A chaga eterna que marcou seu peito doía ardentemente sobre o botão de prata. Parte de sua alma estava nas nuvens, e jamais alcançaria seu id perfeito e selvagem. Aquilo de certa forma provocou um novo parto na menina. Um parto e um aparto de seus sonhos pueris, um aceno de mão eterno. Sem maiores brasas de esperança, e desiludida com seu platonismo celeste, ela guardou tudo numa caixinha chamada memória.
E cresceu. Virou mulher, estudou. Ficou famosa, invejada, rica. Fugaz, astuta, maliciosa. Pautava sua vida sobre os moldes da razão, da moral e dos bons costumes.

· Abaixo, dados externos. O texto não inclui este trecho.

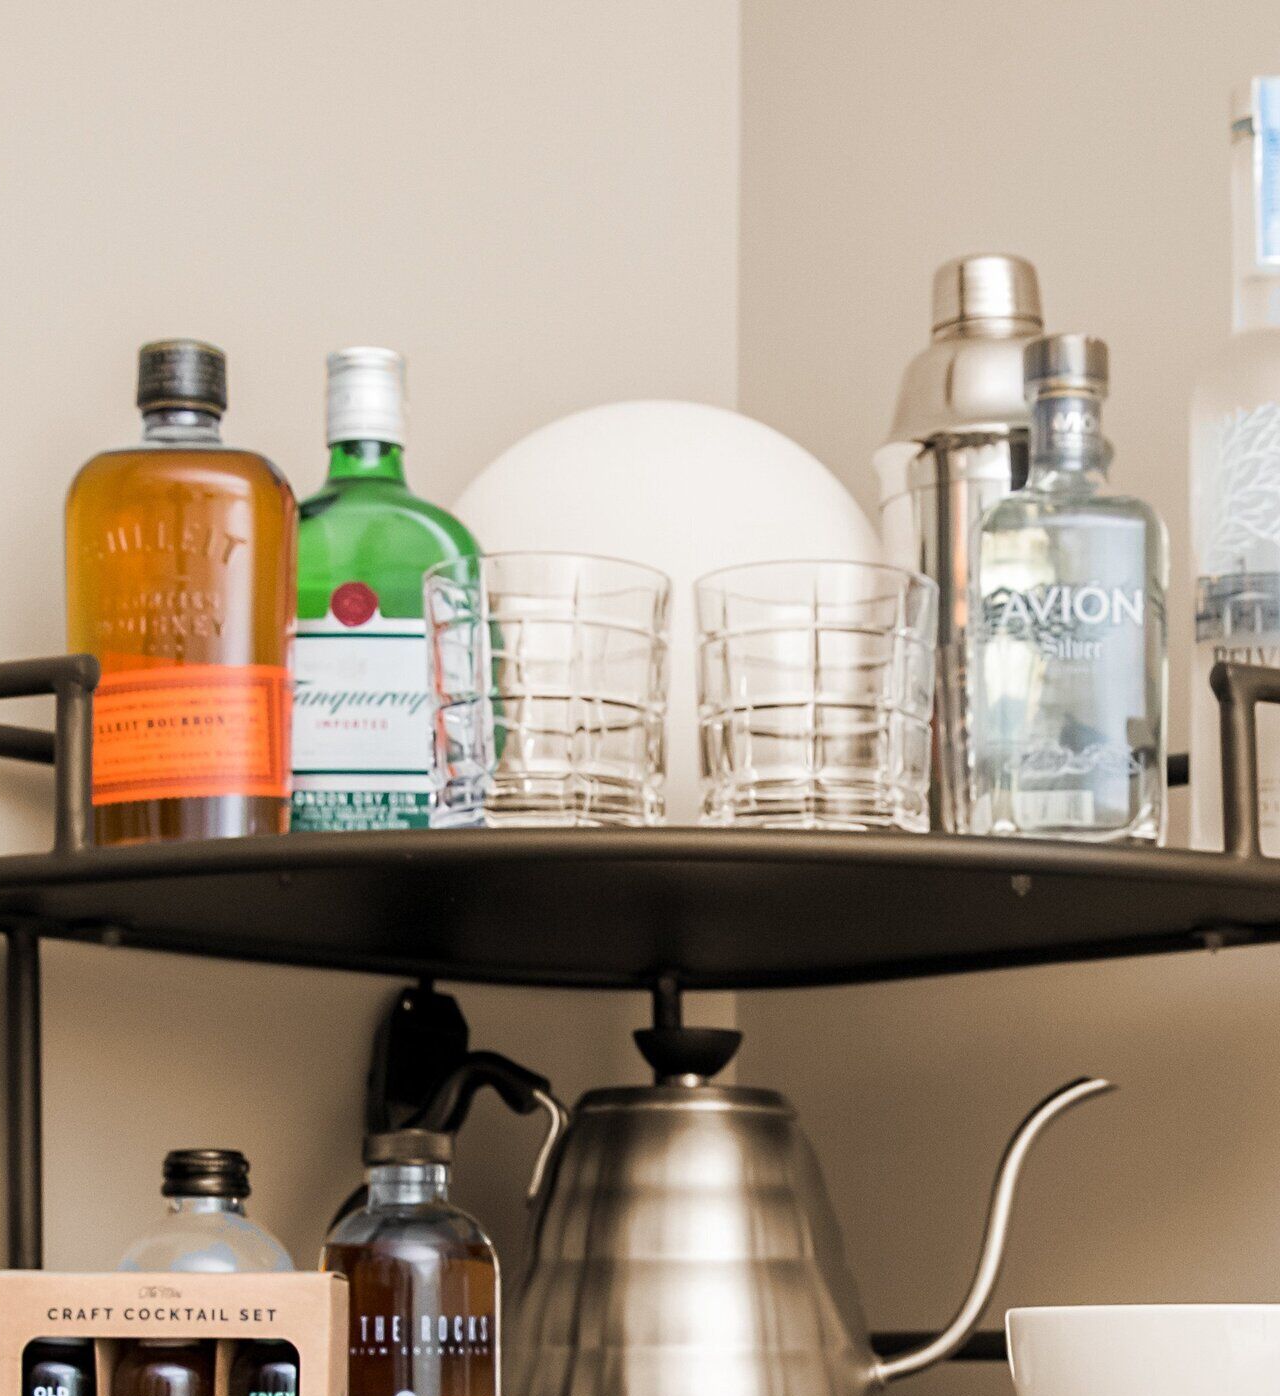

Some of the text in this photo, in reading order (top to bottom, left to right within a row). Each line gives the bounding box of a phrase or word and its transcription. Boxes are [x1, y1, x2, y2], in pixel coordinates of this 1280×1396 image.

[295, 680, 432, 716] anqueray
[47, 1308, 277, 1322] CRAFT COCKTAIL SET

Adentrou os mares da matemática, da complexidade e do raciocínio. Uma mulher ocupada e vazia. Nunca mais passava perto do quintal, o que na verdade não mais podia ser chamado de quintal, pois o mato já roçava nos joelhos.
Ah, mas o que aqui seria uma narrativa absurdamente longa, não será. Pois não pense cá que as gavetas e as caixas rígidas do passado não se abrem. É, um dia elas abrem, pode esperar. E... abriu, portanto.
Ela sentiu uma estranha necessidade, algo que não sentia faz tempo. E estremeceu. A idade vinha buscá-la, trazendo um turbilhão de antiguíssimas sensações. Teve vontade de despir os sapatos e caminhar no jardim. Mas o faria rapidamente, na verdade, seria até rápido demais. Apenas um frescor para a mente.
Uma sensação estranha, que nem mesmo minha onisciência explica. Ela flutuou sobre os cipós e a vegetação baldia, voltou três décadas no tempo e as rugas sumiram-lhe à face. E foi aí. Em um giro, em seu momento mais efêmero e vertical que ela notou as gotas brancas e gordas que nadavam num azul tão maior. Coisa tão linda, tão linda, que piscou forçando a pálpebra para garantir que era real. Era real, era mesmo. E ela então lembrou de tudo. Das estações castigando-a sobre as urzes do quintal, do sol clareando o céu. Das nuvens. Nuvens, as amadas gotas de algodão. E por um instante sentiu-se completa, se sentiu viva. Sentiu a carne e a mente no exercício de viver. Sentiu-se plena, perfeita.
Os céus, então, alcançaram-na. Formaram um conúbio santo de total entrega... Desmaterializam um ao outro. A alma dela está livre agora. E Deus responde; os envolve num sincero abraço. Ela ouviu o canto dos pássaros. Ouviu... ah, um coelho!